Juan Vargas Gets Religious

“I’ve been telling my Republican friends, the first tradition we have is going home. And they have this three-day rule and I let them know that not even Jesus serves the three-day rule. He was crucified and he left early Sunday morning, so come on!”  

— Rep. Juan C. Vargas, D-Calif., on this week's omnibus and tax extender endgame.

Louisiana: After the Runoff, So Bipartisan

Landry wasn't too amused by Democrats' energy policies during a joint address to Congress by President Barack Obama on Sept. 8, 2011. (Bill Clark/CQ Roll Call File Photo)

All of a sudden, everything's bipartisan in Louisiana. It was only last December Sen. Mary Landrieu was bounced from office by Republican Bill Cassidy after being unrelentingly tied to national Democrats. But Saturday's runoff elections seemed to have released statewide love among Pelican State partisans. "I want everyone to recognize that this victory, this effort was a bipartisan effort," former Rep. Jeff Landry said in his victory speech after winning the Louisiana attorney general's race over fellow Republican Buddy Caldwell.  

Gov.-elect John Bel Edwards, a Democrat, benefited f rom the support of Sen. David Vitter's former GOP gubernatorial opponents. Such cross-party support trickled down-ballot to races like Landry's. In a concise speech Saturday night after returns came in, Landry, the one-term congressman who drew the short straw in the 2012 redistricting race and lost that year to GOP Rep. Charles Boustany Jr., thanked his former Democratic opponent from the primary, Geri Broussard Baloney.  

Overheard: Bill Pascrell Channels Yogi Berra

“I only wish Yogi was here to celebrate the news. ... He said himself, ‘If the world were perfect, it wouldn’t be,’ but today, it’d be close.”  

— Rep.
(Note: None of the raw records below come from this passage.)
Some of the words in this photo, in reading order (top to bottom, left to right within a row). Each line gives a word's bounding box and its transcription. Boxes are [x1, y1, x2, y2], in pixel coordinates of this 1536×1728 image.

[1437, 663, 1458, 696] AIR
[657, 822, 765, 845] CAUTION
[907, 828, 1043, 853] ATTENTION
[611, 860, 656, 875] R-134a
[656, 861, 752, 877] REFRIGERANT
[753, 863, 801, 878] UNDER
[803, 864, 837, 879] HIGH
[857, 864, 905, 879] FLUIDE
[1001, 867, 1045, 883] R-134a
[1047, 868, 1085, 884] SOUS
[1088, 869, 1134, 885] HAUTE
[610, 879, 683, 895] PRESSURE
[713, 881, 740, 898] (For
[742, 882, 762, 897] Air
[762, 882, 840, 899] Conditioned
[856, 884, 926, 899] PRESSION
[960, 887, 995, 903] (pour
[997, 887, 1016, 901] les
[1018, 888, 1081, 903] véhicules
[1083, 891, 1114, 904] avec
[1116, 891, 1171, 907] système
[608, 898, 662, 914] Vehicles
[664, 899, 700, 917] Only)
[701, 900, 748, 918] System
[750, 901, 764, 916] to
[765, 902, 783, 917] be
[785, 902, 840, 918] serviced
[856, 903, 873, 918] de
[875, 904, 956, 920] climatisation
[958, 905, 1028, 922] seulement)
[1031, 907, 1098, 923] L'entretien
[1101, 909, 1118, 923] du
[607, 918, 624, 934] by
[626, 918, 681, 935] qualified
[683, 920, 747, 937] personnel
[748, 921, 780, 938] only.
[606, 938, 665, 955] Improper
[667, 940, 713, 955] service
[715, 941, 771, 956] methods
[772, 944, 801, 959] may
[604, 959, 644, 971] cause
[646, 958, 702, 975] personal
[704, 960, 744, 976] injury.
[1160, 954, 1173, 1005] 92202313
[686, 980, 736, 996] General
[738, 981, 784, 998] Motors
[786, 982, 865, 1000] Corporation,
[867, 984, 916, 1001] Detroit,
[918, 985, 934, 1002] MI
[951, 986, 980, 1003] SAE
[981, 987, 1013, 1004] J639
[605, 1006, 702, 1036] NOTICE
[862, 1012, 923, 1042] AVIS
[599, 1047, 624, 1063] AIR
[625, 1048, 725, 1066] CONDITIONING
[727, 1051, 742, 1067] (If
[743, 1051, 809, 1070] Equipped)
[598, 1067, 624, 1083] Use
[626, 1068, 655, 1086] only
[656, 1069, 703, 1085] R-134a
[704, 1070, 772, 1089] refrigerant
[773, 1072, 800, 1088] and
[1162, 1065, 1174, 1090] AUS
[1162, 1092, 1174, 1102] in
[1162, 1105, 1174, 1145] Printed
Bill Pascrell Jr., on the news that baseball great Yogi Berra, who died in September, had been awarded the Presidential Medal of Freedom, as reported by PolitickerNJ .  

Good Looks Win in Presidential Races

Winning ticket? McCain, left, waxed about what could have been in his presidential runs if he had the looks of Thune, right. (Scott J. Ferrell/CQ Roll Call File Photo).
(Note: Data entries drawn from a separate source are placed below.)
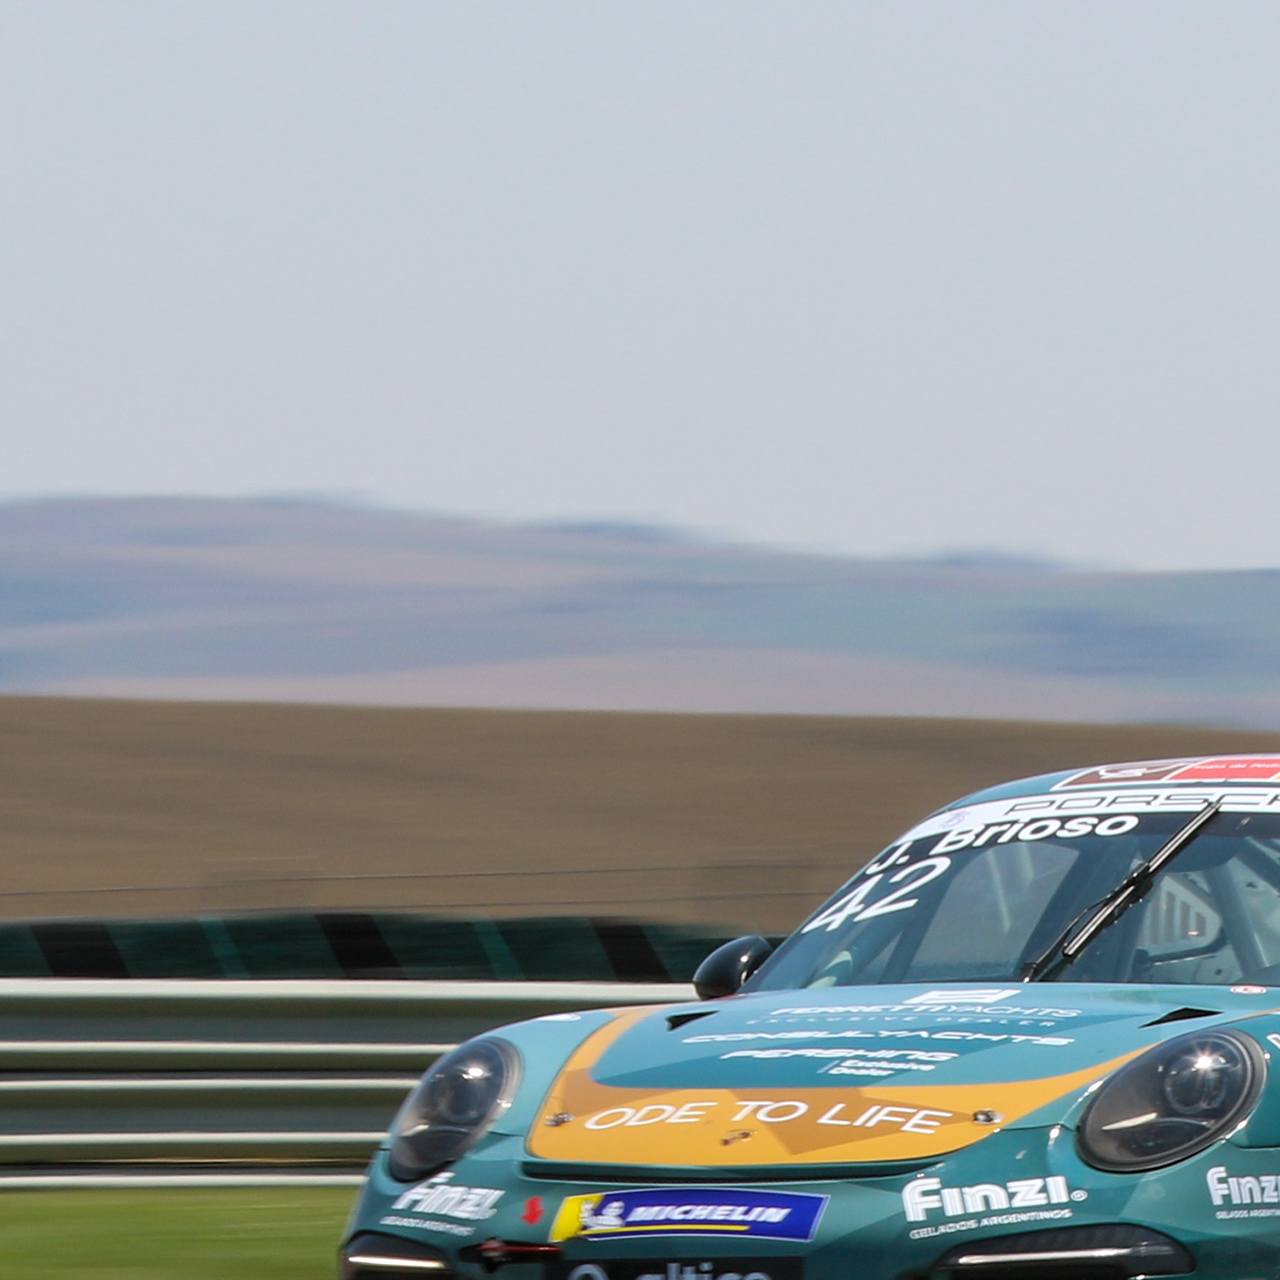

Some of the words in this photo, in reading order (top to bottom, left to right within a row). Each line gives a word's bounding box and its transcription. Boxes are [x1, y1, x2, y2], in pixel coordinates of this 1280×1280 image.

[865, 839, 911, 877] J.
[929, 814, 1140, 855] Brioso
[802, 855, 953, 936] 42
[681, 1030, 1077, 1047] CONSULYACHTS
[839, 1058, 936, 1072] Exclusive
[584, 1102, 718, 1131] ODE
[735, 1101, 809, 1125] TO
[816, 1103, 953, 1135] LIFE
[624, 1204, 792, 1224] MICHELIN
[908, 1218, 979, 1240] GELADOS
[979, 1208, 1074, 1227] ARGENTINOS
"If I looked like Sen. Thune, I'd be president of the United States." -- Sen. John McCain, speaking Thursday to a group of visiting student national debate champions about his Republican colleague, Sen. John Thune.

Overheard: Hurry Up, Chris Murphy

(Al Drago/CQ Roll Call)

After midnight Friday, a live microphone captured one Senate clerk knocking Sen. Christopher S. Murphy's sleepy pace.  
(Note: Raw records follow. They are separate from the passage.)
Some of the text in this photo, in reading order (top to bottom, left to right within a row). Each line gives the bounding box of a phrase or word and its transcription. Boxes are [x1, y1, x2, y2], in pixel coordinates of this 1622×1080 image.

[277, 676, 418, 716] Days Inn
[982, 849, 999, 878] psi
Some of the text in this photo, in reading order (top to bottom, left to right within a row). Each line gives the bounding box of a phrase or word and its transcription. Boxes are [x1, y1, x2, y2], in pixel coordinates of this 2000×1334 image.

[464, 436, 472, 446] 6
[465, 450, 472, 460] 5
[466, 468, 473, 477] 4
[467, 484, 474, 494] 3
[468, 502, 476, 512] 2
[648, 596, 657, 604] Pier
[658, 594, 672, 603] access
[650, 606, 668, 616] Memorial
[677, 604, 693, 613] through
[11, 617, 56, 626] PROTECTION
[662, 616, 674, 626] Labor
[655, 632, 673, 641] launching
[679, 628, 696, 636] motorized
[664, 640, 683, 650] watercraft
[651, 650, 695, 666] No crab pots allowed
"Yeah, uh, he better get his ass here, before, they've already lost one vote because he's not here," said the clerk, who may not have realized C-SPAN was capturing his 1 a.m. commentary.  

Overheard: Tom Cotton's Career Advice

(Bill Clark/CQ Roll Call File Photo)

Sen. Tom Cotton, R-Ark., has some career advice: Don't become a senator. Cotton swung by his old stomping grounds in the House chamber to witness the House elect its next speaker Thursday morning. And on his way back through Statuary Hall and the Rotunda, he spotted a woman holding a a baby with a pink onesie with "Future U.S. Senator" printed on it.  

Cotton, whose first child was born in April, was drawn to the youngster, and joked with the woman, "Try to get them to grow up to do something better in life than do that."